3daysofdesign files: Kaikale x Alexander Mihel, Where Scandinavian Design Meets Indian Craftsmanship

3daysofdesign files: Kaikale x Alexander Mihel, Where Scandinavian Design Meets Indian Craftsmanship

von Simone Lorusso

There is something inherently structural in the meeting between Scandinavian design and Indian craftsmanship - something that extends far beyond mutual curiosity or aesthetic hybridization. Both traditions share an ethic before they share a formal language: a respect for material, a trust in the intelligence of the hand, and the belief that a well-made object does not need to announce itself loudly, but simply endure over time with quiet dignity. 

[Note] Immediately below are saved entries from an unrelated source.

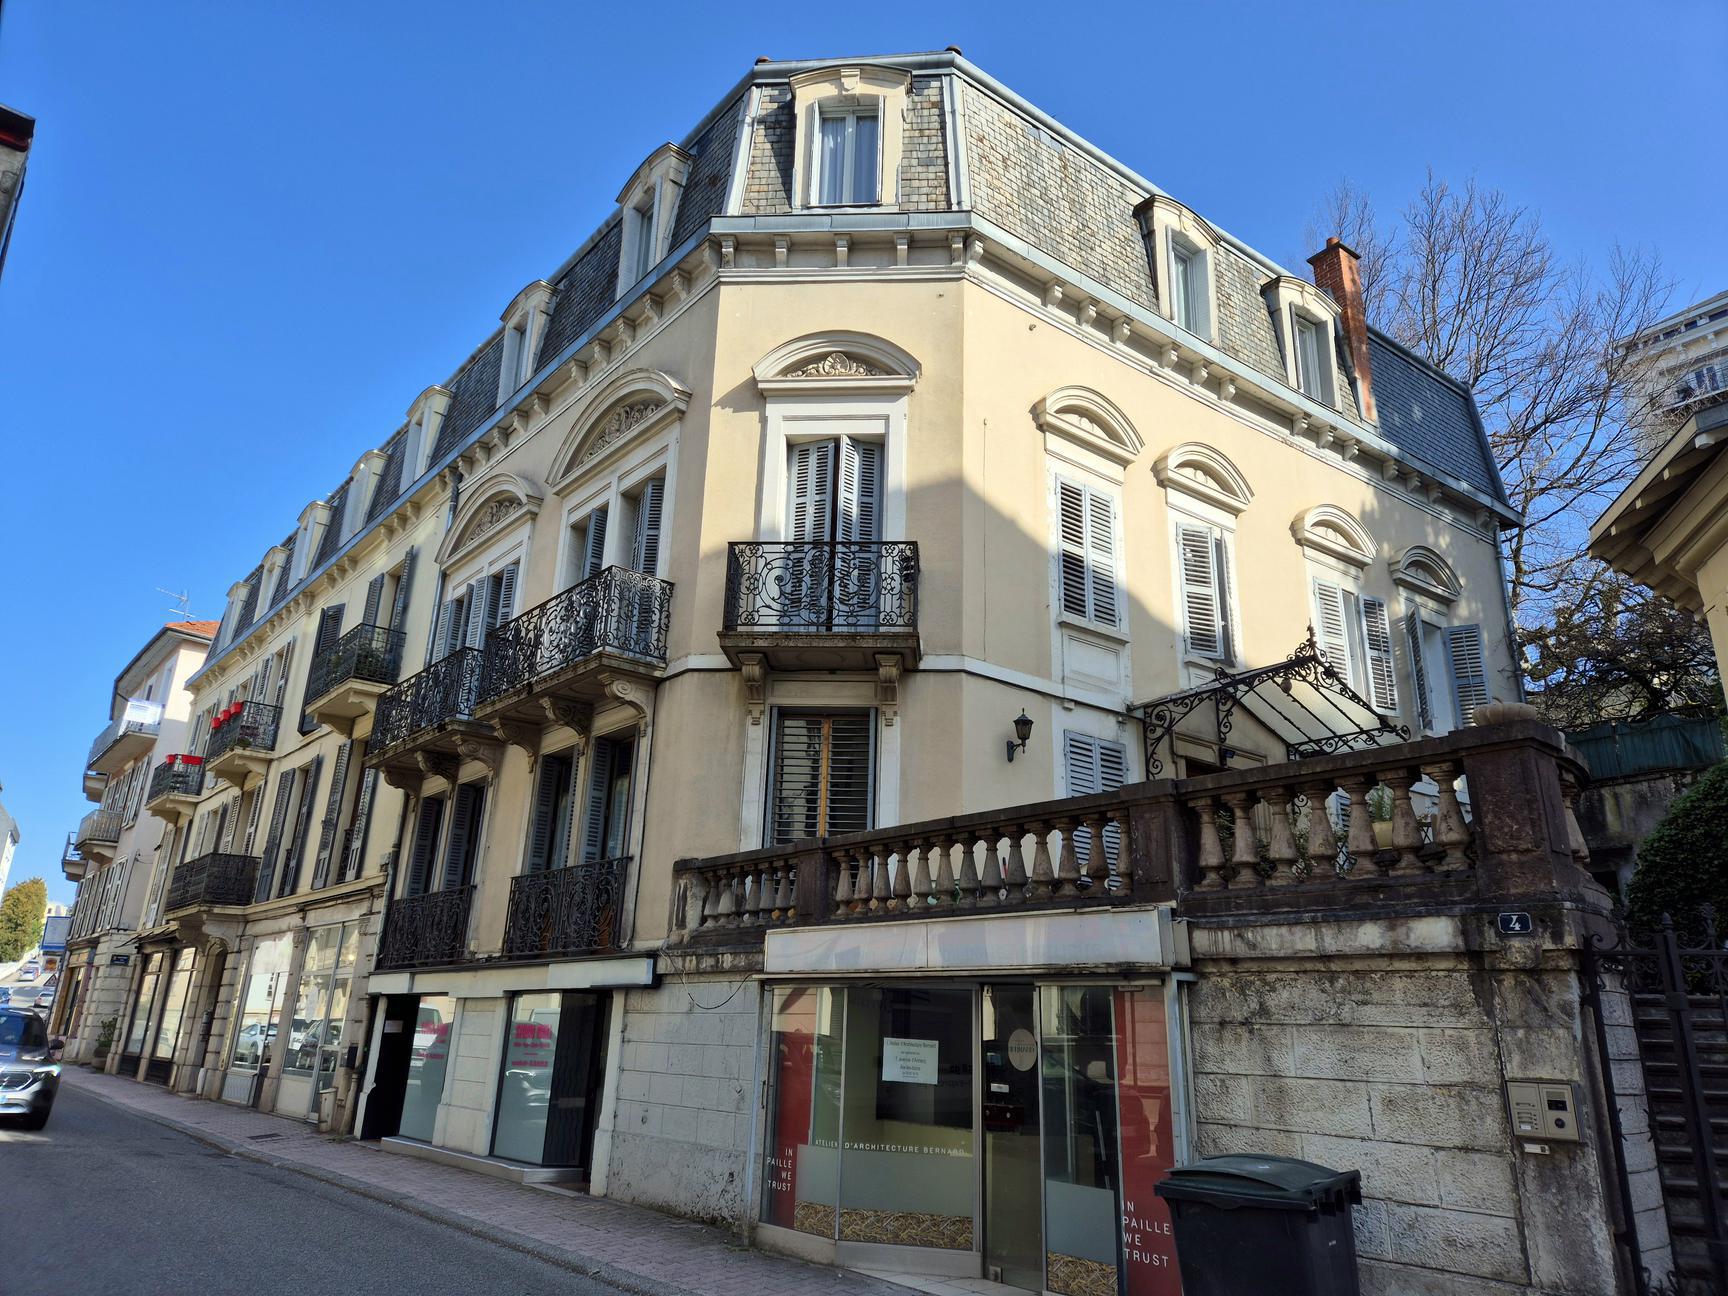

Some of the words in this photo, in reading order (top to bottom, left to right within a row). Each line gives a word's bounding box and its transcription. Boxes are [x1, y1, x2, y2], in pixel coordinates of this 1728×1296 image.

[1510, 915, 1521, 931] 4
[785, 1148, 793, 1157] IN
[815, 1139, 838, 1148] ATELIER
[844, 1142, 919, 1154] D'ARCHITECTURE
[923, 1146, 966, 1156] BERNARD
[766, 1156, 792, 1169] PAILLE
[781, 1171, 792, 1181] WE
[767, 1180, 791, 1192] TRUST
[1121, 1200, 1135, 1213] IN
[1122, 1216, 1171, 1235] PAILLE
[1123, 1231, 1142, 1246] WE
[1123, 1248, 1169, 1268] TRUST

“Once these trees stop bearing fruit, after sixty or seventy years of life, they are cut down and replaced with new saplings. The furniture made from them becomes their final chapter - and perhaps their longest-lasting one.”

It is precisely within this silent convergence that the growing interest in so-called non-forest timbers emerges - woods sourced from fruit-bearing or palm trees that have reached the end of their productive life cycle. This is not merely a response to environmental pressure or the search for alternative materials; it is also an act of recognition toward what dominant industrial systems once dismissed as waste. Coconut wood, for instance, has been used in India for centuries in virtually every possible form. This logic of total use is not folklore or romantic nostalgia - it represents a mode of thinking that the most thoughtful contemporary design practices are urgently rediscovering.

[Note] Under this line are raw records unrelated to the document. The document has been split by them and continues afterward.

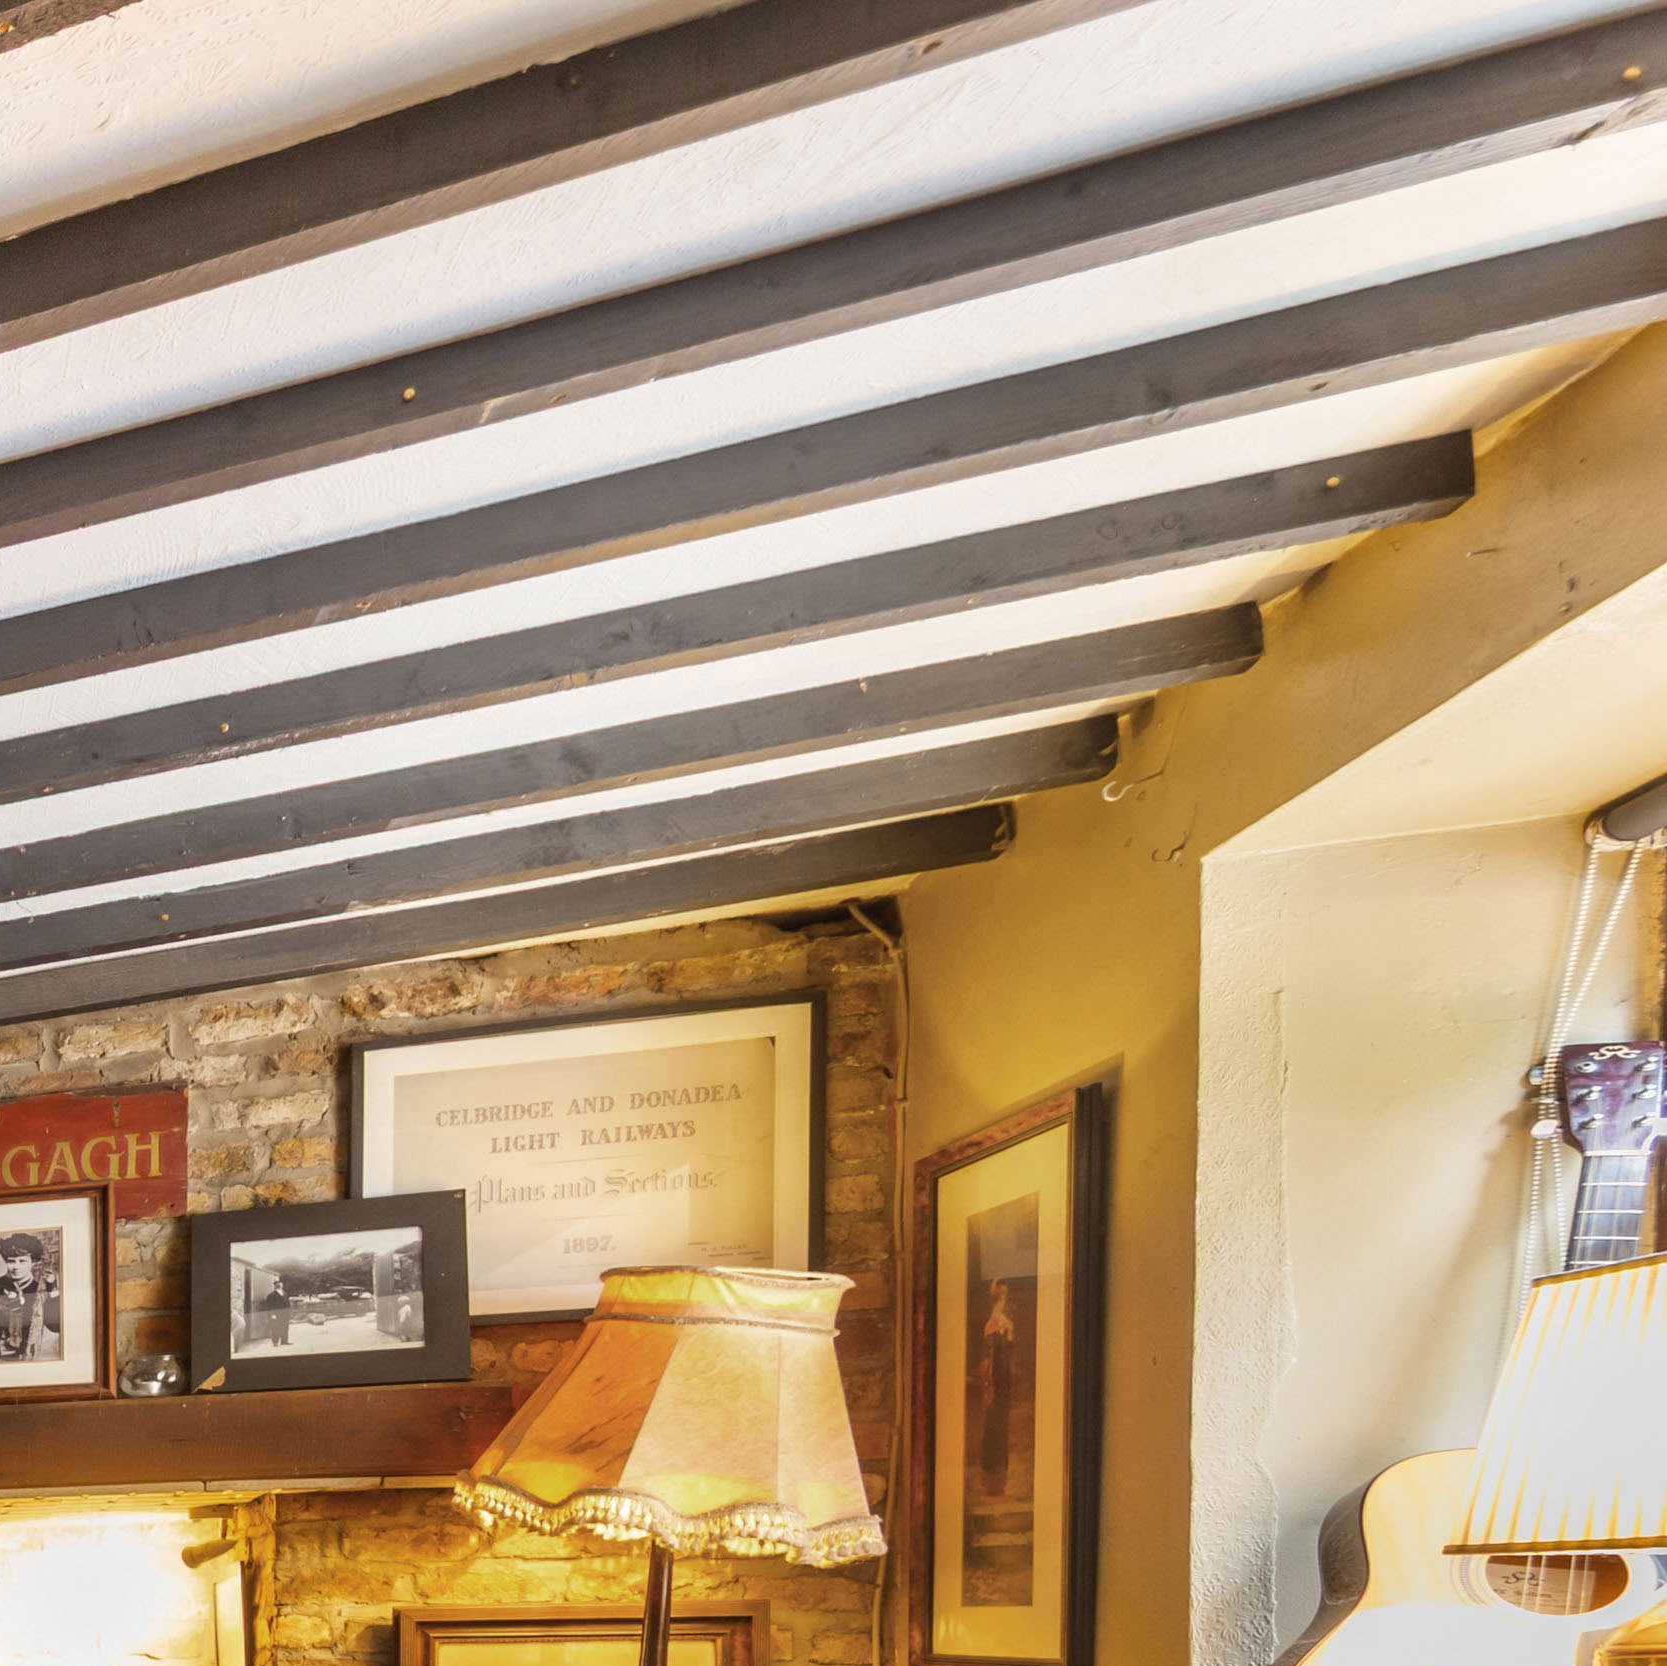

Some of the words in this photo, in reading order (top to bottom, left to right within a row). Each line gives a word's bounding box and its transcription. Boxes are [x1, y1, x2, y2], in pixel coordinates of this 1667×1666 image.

[435, 1101, 554, 1128] CELBRIDGE
[566, 1095, 615, 1116] AND
[490, 1132, 560, 1155] LIGHT
[580, 1120, 697, 1147] RAILWAYS
[469, 1174, 546, 1213] Plans
[552, 1175, 596, 1201] and

“What Kaikale and Alexander Mihel bring to Copenhagen is more than a furniture collection.”

During Copenhagen’s 3 Days of Design, Kaikale x Alexander Mihel presents to an international audience for the first time a seating collection developed over the course of two and a half years. The series debuts within Framing, the festival’s exhibition platform dedicated to the dialogue between objects, contexts, and design narratives.

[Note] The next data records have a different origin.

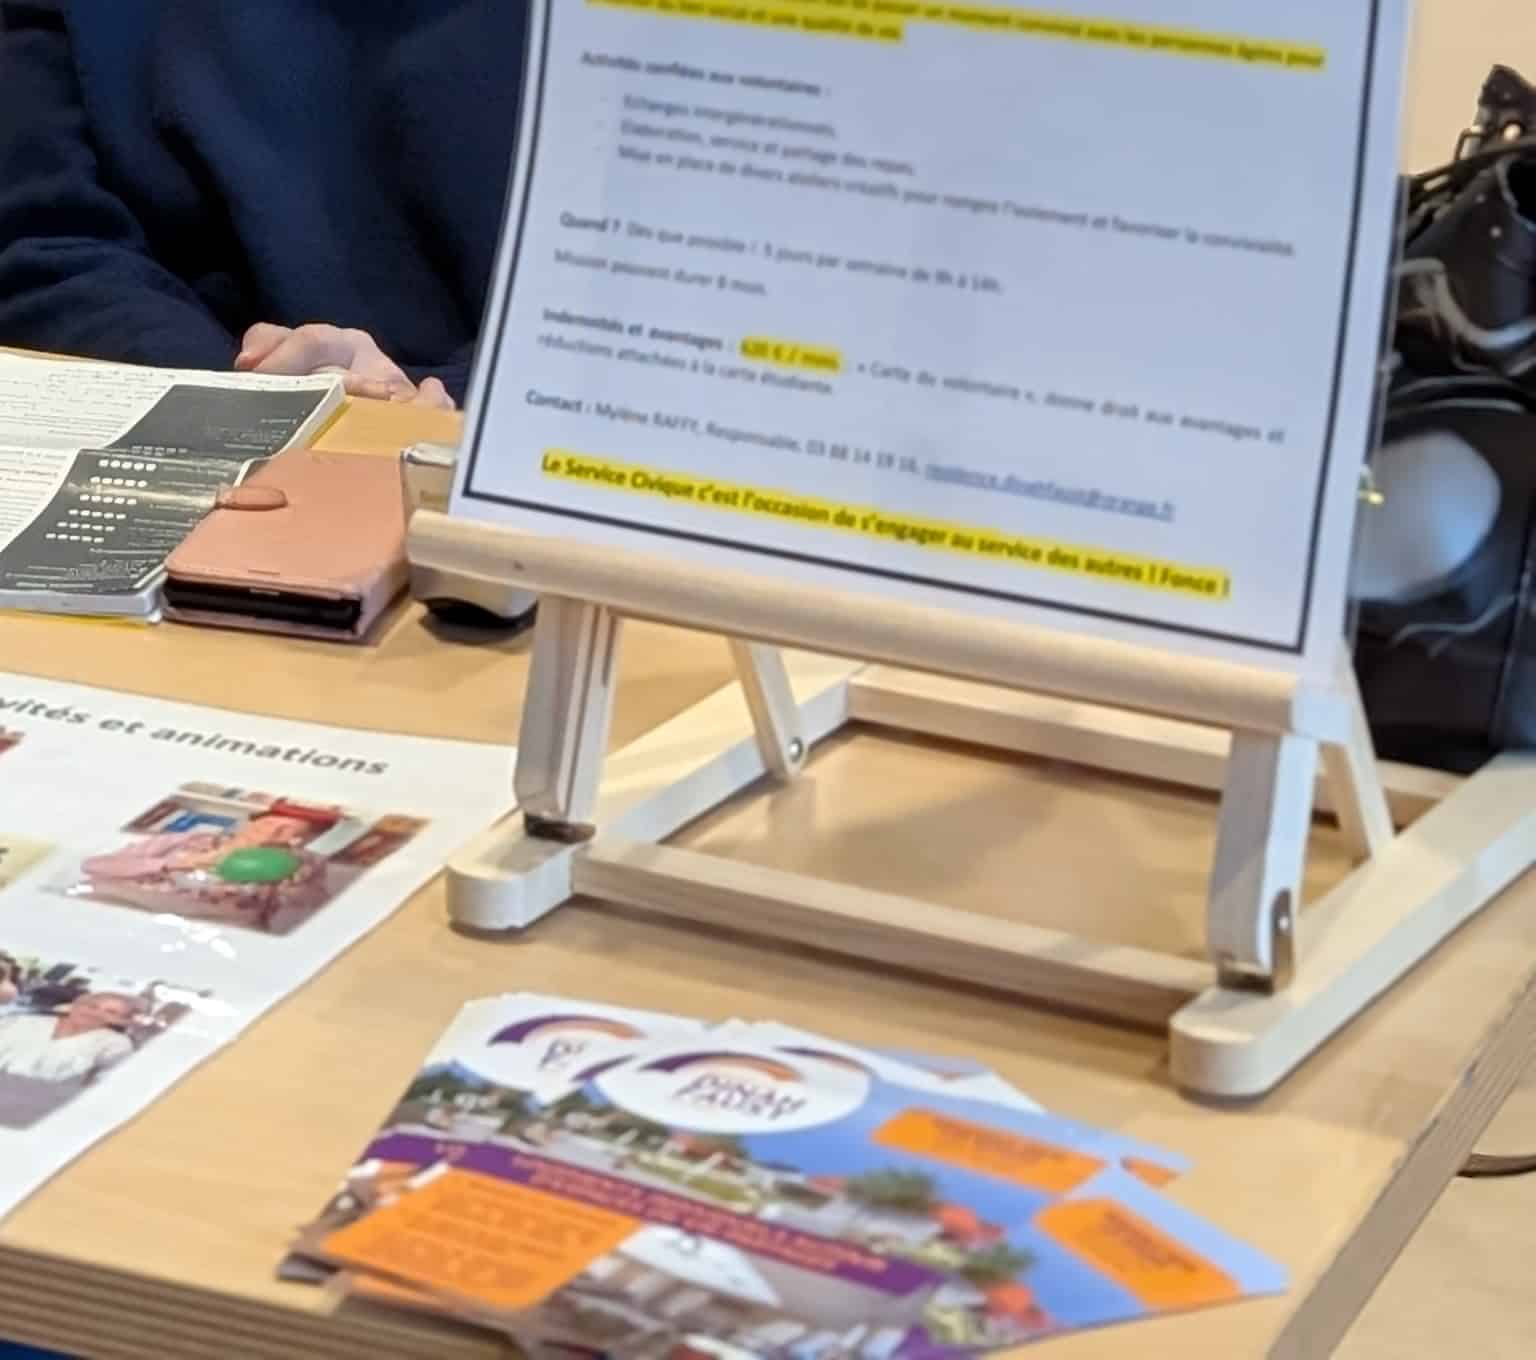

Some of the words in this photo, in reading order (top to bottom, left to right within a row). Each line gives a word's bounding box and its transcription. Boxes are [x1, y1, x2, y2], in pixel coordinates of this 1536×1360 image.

[541, 452, 562, 476] Le
[564, 458, 627, 488] Service
[630, 468, 696, 501] Civique
[698, 482, 740, 510] c'est
[742, 489, 831, 524] l'occasion
[833, 509, 859, 529] de
[861, 512, 948, 547] s'engager
[950, 531, 973, 552] au
[976, 535, 1043, 565] service
[1047, 546, 1080, 570] des
[1083, 554, 1143, 583] autres
[98, 713, 146, 736] et
[149, 726, 390, 777] animations

The origin of the collaboration is deeply tangible. Ajith Andagere, founder of Kaikale, invited Scandinavian architect Alexander Mihel to respond to the profound affinities between Indian and Nordic material cultures. Mihel travelled to Magadi - a small town in Karnataka surrounded by red rock formations, laterite soil, and coconut plantations - where he worked directly alongside the brand’s artisans. What emerged from that residency quickly moved beyond a formal design exercise and evolved into a deeper technical and cultural investigation: structure, joinery, and the load-bearing capacities of coconut timber itself became central questions in the process.



“Coconut wood is not an alternative material; it is a different way of thinking about value, permanence, and what we choose not to waste.”

Coconut wood sits at the heart of the collection not as an aesthetic statement, but as a declaration of method. Its fibrous structure requires different approaches to joinery and a reconsideration of resistance compared to conventional hardwoods. Yet embedded within the material is a long history of responsible use - a philosophy already deeply rooted in the DNA of Kaikale, whose name in Kannada literally translates to “handmade.” Palmyra wood follows the same principle: both materials originate from trees that, once their fruit-bearing cycle is complete, are felled and replaced with new growth.



What arrives in Copenhagen is therefore not simply a collection of chairs. It is the visible outcome of a broader inquiry: what might happen if design stopped positioning itself as a universal language and returned instead to being, first and foremost, a response to place? Kaikale produces objects that do not demand attention because they adapt so naturally to everyday life - a chair that supports, a table that quietly becomes part of conversations and silences alike. The collaboration with Mihel brings this philosophy onto an international stage without compromising its integrity. On the contrary, it tests it against a different gaze - one capable of recognizing the depth, restraint, and intelligence embedded within it.